START Stored data
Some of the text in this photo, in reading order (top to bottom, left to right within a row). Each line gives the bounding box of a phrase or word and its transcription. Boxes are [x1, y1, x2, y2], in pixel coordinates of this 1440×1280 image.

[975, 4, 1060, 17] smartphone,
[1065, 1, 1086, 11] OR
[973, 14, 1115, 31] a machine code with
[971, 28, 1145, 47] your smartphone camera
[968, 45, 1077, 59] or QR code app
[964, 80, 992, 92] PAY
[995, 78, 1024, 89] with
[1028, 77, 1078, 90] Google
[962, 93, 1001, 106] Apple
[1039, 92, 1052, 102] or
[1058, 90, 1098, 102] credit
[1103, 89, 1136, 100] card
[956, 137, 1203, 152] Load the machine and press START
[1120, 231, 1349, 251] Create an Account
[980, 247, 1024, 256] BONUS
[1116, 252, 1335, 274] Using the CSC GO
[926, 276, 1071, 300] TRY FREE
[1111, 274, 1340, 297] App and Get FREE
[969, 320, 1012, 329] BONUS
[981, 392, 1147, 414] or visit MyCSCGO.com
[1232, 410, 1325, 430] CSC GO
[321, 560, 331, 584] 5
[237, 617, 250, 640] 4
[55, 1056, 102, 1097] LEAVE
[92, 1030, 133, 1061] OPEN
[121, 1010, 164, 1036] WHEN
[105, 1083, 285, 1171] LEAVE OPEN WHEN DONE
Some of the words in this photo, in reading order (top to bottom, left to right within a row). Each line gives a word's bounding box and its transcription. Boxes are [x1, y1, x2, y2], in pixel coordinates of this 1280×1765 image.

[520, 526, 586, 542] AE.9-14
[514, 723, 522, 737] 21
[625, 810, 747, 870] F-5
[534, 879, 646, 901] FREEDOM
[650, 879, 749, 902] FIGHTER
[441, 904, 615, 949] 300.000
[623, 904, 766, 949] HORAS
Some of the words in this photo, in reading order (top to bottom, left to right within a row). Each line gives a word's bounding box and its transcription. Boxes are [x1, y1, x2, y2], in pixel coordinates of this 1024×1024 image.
END Stored data
Repeat the whole listing word for word.

### [Solution to the problem]
Some of the text in this photo, in reading order (top to bottom, left to right within a row). Each line gives the bounding box of a phrase or word and its transcription. Boxes are [x1, y1, x2, y2], in pixel coordinates of this 1440×1280 image.

[975, 4, 1060, 17] smartphone,
[1065, 1, 1086, 11] OR
[973, 14, 1115, 31] a machine code with
[971, 28, 1145, 47] your smartphone camera
[968, 45, 1077, 59] or QR code app
[964, 80, 992, 92] PAY
[995, 78, 1024, 89] with
[1028, 77, 1078, 90] Google
[962, 93, 1001, 106] Apple
[1039, 92, 1052, 102] or
[1058, 90, 1098, 102] credit
[1103, 89, 1136, 100] card
[956, 137, 1203, 152] Load the machine and press START
[1120, 231, 1349, 251] Create an Account
[980, 247, 1024, 256] BONUS
[1116, 252, 1335, 274] Using the CSC GO
[926, 276, 1071, 300] TRY FREE
[1111, 274, 1340, 297] App and Get FREE
[969, 320, 1012, 329] BONUS
[981, 392, 1147, 414] or visit MyCSCGO.com
[1232, 410, 1325, 430] CSC GO
[321, 560, 331, 584] 5
[237, 617, 250, 640] 4
[55, 1056, 102, 1097] LEAVE
[92, 1030, 133, 1061] OPEN
[121, 1010, 164, 1036] WHEN
[105, 1083, 285, 1171] LEAVE OPEN WHEN DONE
Some of the words in this photo, in reading order (top to bottom, left to right within a row). Each line gives a word's bounding box and its transcription. Boxes are [x1, y1, x2, y2], in pixel coordinates of this 1280×1765 image.

[520, 526, 586, 542] AE.9-14
[514, 723, 522, 737] 21
[625, 810, 747, 870] F-5
[534, 879, 646, 901] FREEDOM
[650, 879, 749, 902] FIGHTER
[441, 904, 615, 949] 300.000
[623, 904, 766, 949] HORAS
Some of the words in this photo, in reading order (top to bottom, left to right within a row). Each line gives a word's bounding box and its transcription. Boxes are [x1, y1, x2, y2], in pixel coordinates of this 1024×1024 image.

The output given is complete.